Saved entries
☆ ☆ ☆ ☆
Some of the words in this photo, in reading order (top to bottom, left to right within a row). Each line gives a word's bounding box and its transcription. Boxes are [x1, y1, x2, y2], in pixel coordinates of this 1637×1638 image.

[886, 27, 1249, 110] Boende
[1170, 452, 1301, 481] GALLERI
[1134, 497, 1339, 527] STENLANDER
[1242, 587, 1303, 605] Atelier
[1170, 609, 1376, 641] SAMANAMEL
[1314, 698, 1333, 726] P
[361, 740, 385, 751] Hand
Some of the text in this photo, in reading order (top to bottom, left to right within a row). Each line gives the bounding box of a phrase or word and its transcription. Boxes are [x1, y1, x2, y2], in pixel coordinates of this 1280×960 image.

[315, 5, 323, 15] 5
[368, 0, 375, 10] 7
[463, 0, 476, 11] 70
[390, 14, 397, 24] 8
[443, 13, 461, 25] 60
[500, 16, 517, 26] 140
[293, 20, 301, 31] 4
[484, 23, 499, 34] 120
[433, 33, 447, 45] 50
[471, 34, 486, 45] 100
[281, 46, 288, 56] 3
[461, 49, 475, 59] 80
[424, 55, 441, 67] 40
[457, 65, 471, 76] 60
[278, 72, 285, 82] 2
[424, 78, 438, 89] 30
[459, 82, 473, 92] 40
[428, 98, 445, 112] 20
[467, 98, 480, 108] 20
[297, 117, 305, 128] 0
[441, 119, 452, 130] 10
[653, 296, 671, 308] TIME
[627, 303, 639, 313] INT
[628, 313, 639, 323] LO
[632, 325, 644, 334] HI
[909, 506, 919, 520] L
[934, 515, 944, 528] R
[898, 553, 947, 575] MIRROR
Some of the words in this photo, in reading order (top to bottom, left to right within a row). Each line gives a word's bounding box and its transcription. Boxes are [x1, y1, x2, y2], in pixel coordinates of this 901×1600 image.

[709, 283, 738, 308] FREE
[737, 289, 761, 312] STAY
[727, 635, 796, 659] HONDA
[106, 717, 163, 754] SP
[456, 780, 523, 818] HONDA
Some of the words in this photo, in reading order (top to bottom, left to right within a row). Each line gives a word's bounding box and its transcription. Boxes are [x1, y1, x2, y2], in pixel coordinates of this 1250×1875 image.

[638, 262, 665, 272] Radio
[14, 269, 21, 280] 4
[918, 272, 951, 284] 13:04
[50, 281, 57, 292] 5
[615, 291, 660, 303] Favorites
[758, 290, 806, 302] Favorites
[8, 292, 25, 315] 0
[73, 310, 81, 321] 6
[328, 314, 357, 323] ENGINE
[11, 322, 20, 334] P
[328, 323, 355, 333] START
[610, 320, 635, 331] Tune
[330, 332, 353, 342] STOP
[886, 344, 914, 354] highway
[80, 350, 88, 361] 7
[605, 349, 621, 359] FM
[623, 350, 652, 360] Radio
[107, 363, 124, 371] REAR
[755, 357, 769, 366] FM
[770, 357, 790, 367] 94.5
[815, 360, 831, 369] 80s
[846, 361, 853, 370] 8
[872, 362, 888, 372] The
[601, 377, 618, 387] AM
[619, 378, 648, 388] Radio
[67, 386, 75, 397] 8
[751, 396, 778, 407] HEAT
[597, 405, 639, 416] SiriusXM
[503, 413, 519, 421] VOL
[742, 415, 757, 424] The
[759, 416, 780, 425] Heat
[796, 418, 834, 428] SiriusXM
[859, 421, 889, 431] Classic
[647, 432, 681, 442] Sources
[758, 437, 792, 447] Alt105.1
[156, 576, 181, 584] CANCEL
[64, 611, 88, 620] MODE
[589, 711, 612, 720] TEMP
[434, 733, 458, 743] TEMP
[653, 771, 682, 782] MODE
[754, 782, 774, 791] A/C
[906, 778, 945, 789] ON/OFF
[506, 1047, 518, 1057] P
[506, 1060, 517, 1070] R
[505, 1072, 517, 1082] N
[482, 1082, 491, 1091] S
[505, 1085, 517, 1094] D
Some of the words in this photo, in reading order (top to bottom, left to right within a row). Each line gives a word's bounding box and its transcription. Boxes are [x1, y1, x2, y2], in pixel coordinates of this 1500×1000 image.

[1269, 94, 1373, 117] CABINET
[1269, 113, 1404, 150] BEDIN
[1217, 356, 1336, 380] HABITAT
☆ ☆ ☆ ☆
- [TASK DESCRIPTION]
Once you have read the entries, repeat them all exactly.

- [RESULT FOR THIS TASK]
Some of the words in this photo, in reading order (top to bottom, left to right within a row). Each line gives a word's bounding box and its transcription. Boxes are [x1, y1, x2, y2], in pixel coordinates of this 1637×1638 image.

[886, 27, 1249, 110] Boende
[1170, 452, 1301, 481] GALLERI
[1134, 497, 1339, 527] STENLANDER
[1242, 587, 1303, 605] Atelier
[1170, 609, 1376, 641] SAMANAMEL
[1314, 698, 1333, 726] P
[361, 740, 385, 751] Hand
Some of the text in this photo, in reading order (top to bottom, left to right within a row). Each line gives the bounding box of a phrase or word and its transcription. Boxes are [x1, y1, x2, y2], in pixel coordinates of this 1280×960 image.

[315, 5, 323, 15] 5
[368, 0, 375, 10] 7
[463, 0, 476, 11] 70
[390, 14, 397, 24] 8
[443, 13, 461, 25] 60
[500, 16, 517, 26] 140
[293, 20, 301, 31] 4
[484, 23, 499, 34] 120
[433, 33, 447, 45] 50
[471, 34, 486, 45] 100
[281, 46, 288, 56] 3
[461, 49, 475, 59] 80
[424, 55, 441, 67] 40
[457, 65, 471, 76] 60
[278, 72, 285, 82] 2
[424, 78, 438, 89] 30
[459, 82, 473, 92] 40
[428, 98, 445, 112] 20
[467, 98, 480, 108] 20
[297, 117, 305, 128] 0
[441, 119, 452, 130] 10
[653, 296, 671, 308] TIME
[627, 303, 639, 313] INT
[628, 313, 639, 323] LO
[632, 325, 644, 334] HI
[909, 506, 919, 520] L
[934, 515, 944, 528] R
[898, 553, 947, 575] MIRROR
Some of the words in this photo, in reading order (top to bottom, left to right within a row). Each line gives a word's bounding box and its transcription. Boxes are [x1, y1, x2, y2], in pixel coordinates of this 901×1600 image.

[709, 283, 738, 308] FREE
[737, 289, 761, 312] STAY
[727, 635, 796, 659] HONDA
[106, 717, 163, 754] SP
[456, 780, 523, 818] HONDA
Some of the words in this photo, in reading order (top to bottom, left to right within a row). Each line gives a word's bounding box and its transcription. Boxes are [x1, y1, x2, y2], in pixel coordinates of this 1250×1875 image.

[638, 262, 665, 272] Radio
[14, 269, 21, 280] 4
[918, 272, 951, 284] 13:04
[50, 281, 57, 292] 5
[615, 291, 660, 303] Favorites
[758, 290, 806, 302] Favorites
[8, 292, 25, 315] 0
[73, 310, 81, 321] 6
[328, 314, 357, 323] ENGINE
[11, 322, 20, 334] P
[328, 323, 355, 333] START
[610, 320, 635, 331] Tune
[330, 332, 353, 342] STOP
[886, 344, 914, 354] highway
[80, 350, 88, 361] 7
[605, 349, 621, 359] FM
[623, 350, 652, 360] Radio
[107, 363, 124, 371] REAR
[755, 357, 769, 366] FM
[770, 357, 790, 367] 94.5
[815, 360, 831, 369] 80s
[846, 361, 853, 370] 8
[872, 362, 888, 372] The
[601, 377, 618, 387] AM
[619, 378, 648, 388] Radio
[67, 386, 75, 397] 8
[751, 396, 778, 407] HEAT
[597, 405, 639, 416] SiriusXM
[503, 413, 519, 421] VOL
[742, 415, 757, 424] The
[759, 416, 780, 425] Heat
[796, 418, 834, 428] SiriusXM
[859, 421, 889, 431] Classic
[647, 432, 681, 442] Sources
[758, 437, 792, 447] Alt105.1
[156, 576, 181, 584] CANCEL
[64, 611, 88, 620] MODE
[589, 711, 612, 720] TEMP
[434, 733, 458, 743] TEMP
[653, 771, 682, 782] MODE
[754, 782, 774, 791] A/C
[906, 778, 945, 789] ON/OFF
[506, 1047, 518, 1057] P
[506, 1060, 517, 1070] R
[505, 1072, 517, 1082] N
[482, 1082, 491, 1091] S
[505, 1085, 517, 1094] D
Some of the words in this photo, in reading order (top to bottom, left to right within a row). Each line gives a word's bounding box and its transcription. Boxes are [x1, y1, x2, y2], in pixel coordinates of this 1500×1000 image.

[1269, 94, 1373, 117] CABINET
[1269, 113, 1404, 150] BEDIN
[1217, 356, 1336, 380] HABITAT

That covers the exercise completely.